New art, vintage pieces and iconic design mingle throughout. Digital screen print by Takashi Murakami; side table by Yabu Pushelberg (from Avenue Road); Chandigarh chair from Italinteriors. Nero Tunisi marble hearth from Olympia Tile + Stone.

Designlines: What part of town is your home located and how long have you lived there?

Houman Rahimzadeh: Our home is in Etobicoke, and we’ve been here for two years. I designed a livable space for my family that also highlights our collection of over 200 limited edition designer toys, sculptures and prints.

Houman Rahimzadeh
The Scavolini kitchen features Gaggenau appliances as well as Nero Marquina marble and Vicostone quartz surfaces. 

Designlines: Why did you decide to build new as opposed to renovating an older home? What were some of the challenges involved?

Houman Rahimzadeh: After rounds of discussions with my construction team going over advantages and disadvantages of doing a major renovation, we decided to build a new house. Although doing a major reno could be done with a smaller budget, there are more design limitations, especially for the exterior.

Houman Rahimzadeh
The prints are by artist Cleon Patterson, while Bearbrick figurines line the stairs. 

Designlines: What are some of your favourite aspects of the home?

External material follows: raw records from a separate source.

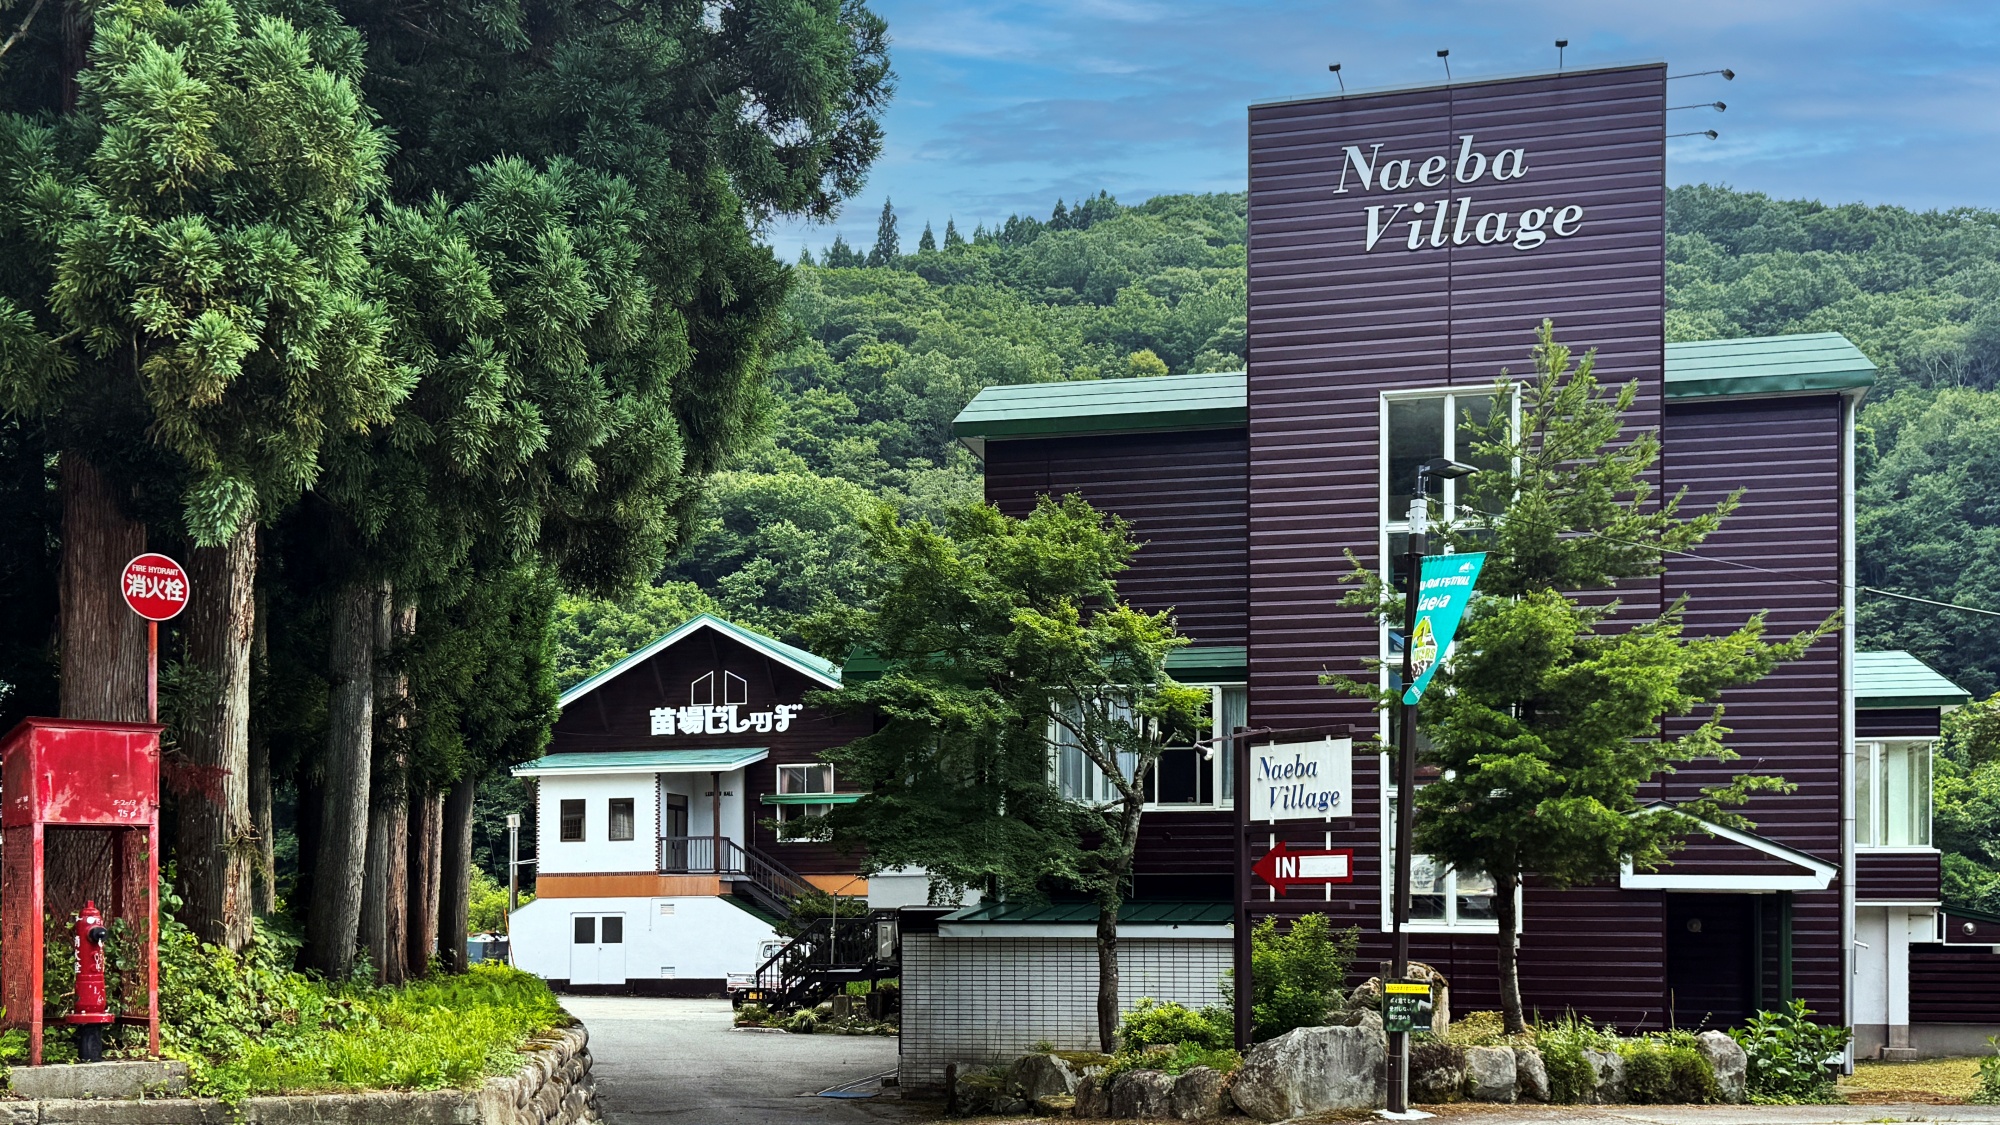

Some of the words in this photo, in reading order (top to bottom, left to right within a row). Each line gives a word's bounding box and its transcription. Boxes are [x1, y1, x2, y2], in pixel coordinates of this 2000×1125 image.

[1333, 135, 1529, 194] Naeba
[1364, 197, 1583, 251] Village
[131, 564, 147, 573] FIRE
[148, 566, 179, 576] HYDRANT
[126, 573, 185, 602] 消火栓
[650, 704, 803, 736] 苗場ビレッヂ
[1257, 754, 1318, 781] Naeba
[1269, 784, 1340, 812] Village
[1275, 856, 1296, 879] IN

Houman Rahimzadeh: The expansive windows have east and west exposures, and the natural light provides a strong connection to the outdoors while balancing the sharp architectural lines on the facade. A vertical solar reflector screen on the front facade provides privacy while creating changing textures of light that reflect on the exterior throughout the day. The three-metre ceilings also amplify the light exposure.

Houman Rahimzadeh
The dining chairs (and now occasional office chairs) are by Yabu Pushelberg (from Avenue Road). The table is from Ikea, while the Tabriz Persian rug is from The Rug Club.

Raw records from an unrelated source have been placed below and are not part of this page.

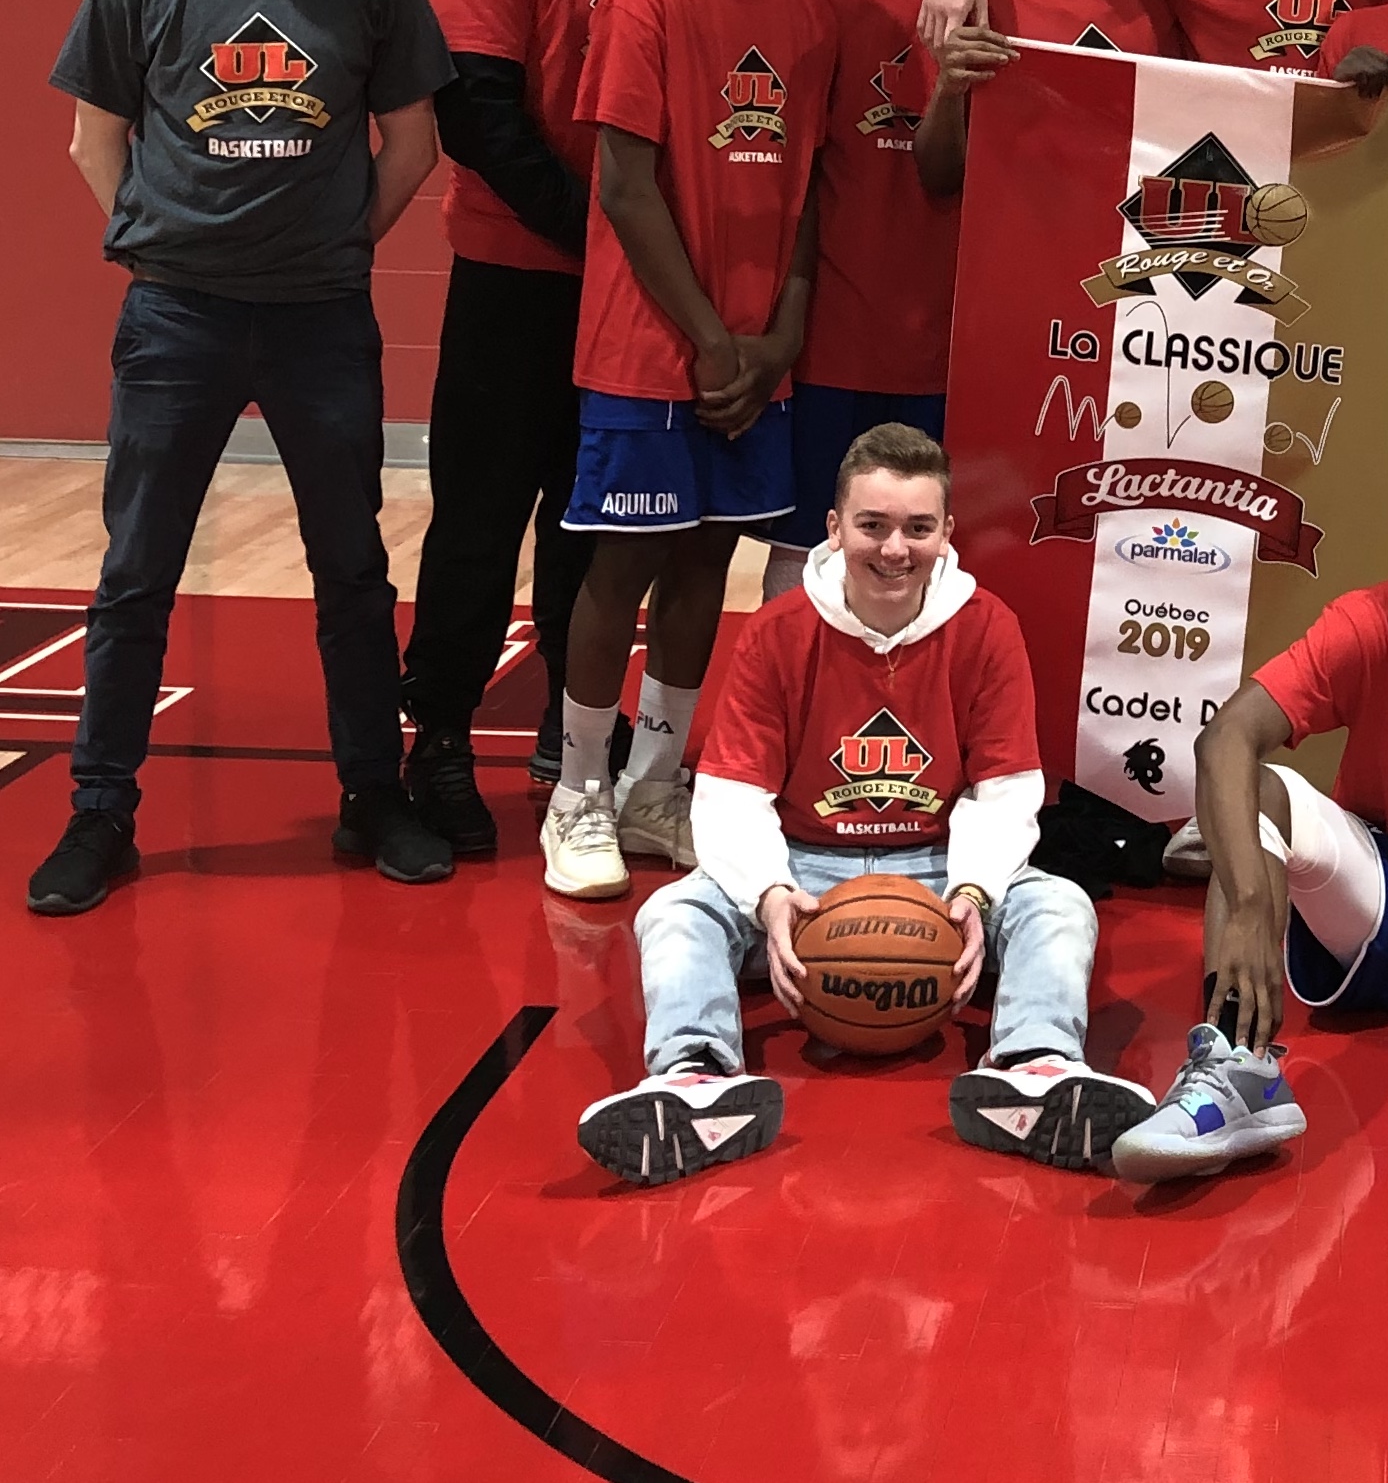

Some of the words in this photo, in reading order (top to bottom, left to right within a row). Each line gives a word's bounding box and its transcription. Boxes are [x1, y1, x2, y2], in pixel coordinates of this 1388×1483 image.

[1264, 31, 1313, 47] ROUGE
[211, 42, 307, 84] UL
[202, 91, 265, 115] ROUGE
[268, 91, 290, 104] ET
[291, 96, 318, 112] OR
[728, 71, 784, 107] UL
[756, 114, 773, 126] ET
[1115, 249, 1209, 280] Rouge
[1212, 257, 1248, 273] et
[1246, 268, 1275, 292] Or
[1048, 319, 1099, 362] La
[1121, 328, 1345, 385] CLASSIQUE
[601, 492, 678, 517] AQUILON
[1080, 463, 1280, 521] Lactantia
[1130, 540, 1217, 566] parmalat
[1124, 598, 1211, 623] Québec
[1117, 619, 1211, 662] 2019
[1085, 686, 1182, 724] Cadet
[840, 736, 923, 776] UL
[830, 782, 885, 801] ROUGE
[887, 783, 909, 796] ET
[909, 787, 931, 801] OR
[836, 821, 922, 835] BASKETBALL
[826, 914, 938, 943] EVOLUTION
[821, 972, 939, 1012] Wilson

Designlines: How did your relationship with your home change during the pandemic?

Houman Rahimzadeh: I’ve used the basement as my office during the lockdown – the high ceilings and large windows let in plenty of light and create great working conditions. My wife uses the main floor dining area as her workspace. Creating different zones and vignettes throughout the house has been helpful, as well. During the day, we move to different parts of the home to establish better flow and prevent repetition.

Rahimzadeh’s home doesn’t lack for natural light. Plus, its neutral colour palette makes the home a canvas for his art, furniture and collectable figurines. Engineered flooring from Stone Tile; lighting from Zaneen. The figurine in the foreground is a rare Astro Boy by Kaws.

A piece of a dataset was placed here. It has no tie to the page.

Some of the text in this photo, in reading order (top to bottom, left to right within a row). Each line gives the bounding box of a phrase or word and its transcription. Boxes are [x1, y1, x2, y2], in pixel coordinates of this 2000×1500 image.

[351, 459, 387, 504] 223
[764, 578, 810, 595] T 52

Designlines: Moving forward, with home-time now more important than ever, are there further changes you would like to make to your living environment?

Houman Rahimzadeh: The dining chairs were something we only used for dinner parties and such prior to pandemic, but now the whole family will occasionally sit around the dining table all day long doing work and online learning. Having furniture that’s aesthetically beautiful is important, but let’s not forget comfort.

The three-storey home took eight months to build. The stained oak screen provides privacy while also lending texture to the natural light that floods the space. Doors and windows from Bauhaus.

Designlines: Creativity and business-wise, what strides were you able to make during the enforced time off?

Houman Rahimzadeh: For work, I learned we can actually improve communication using technology and applications like Microsoft Teams and Zoom. At home, I cook from scratch more and exercise more. Plus, not travelling to the office every day meant more time to spend with family and play with my son.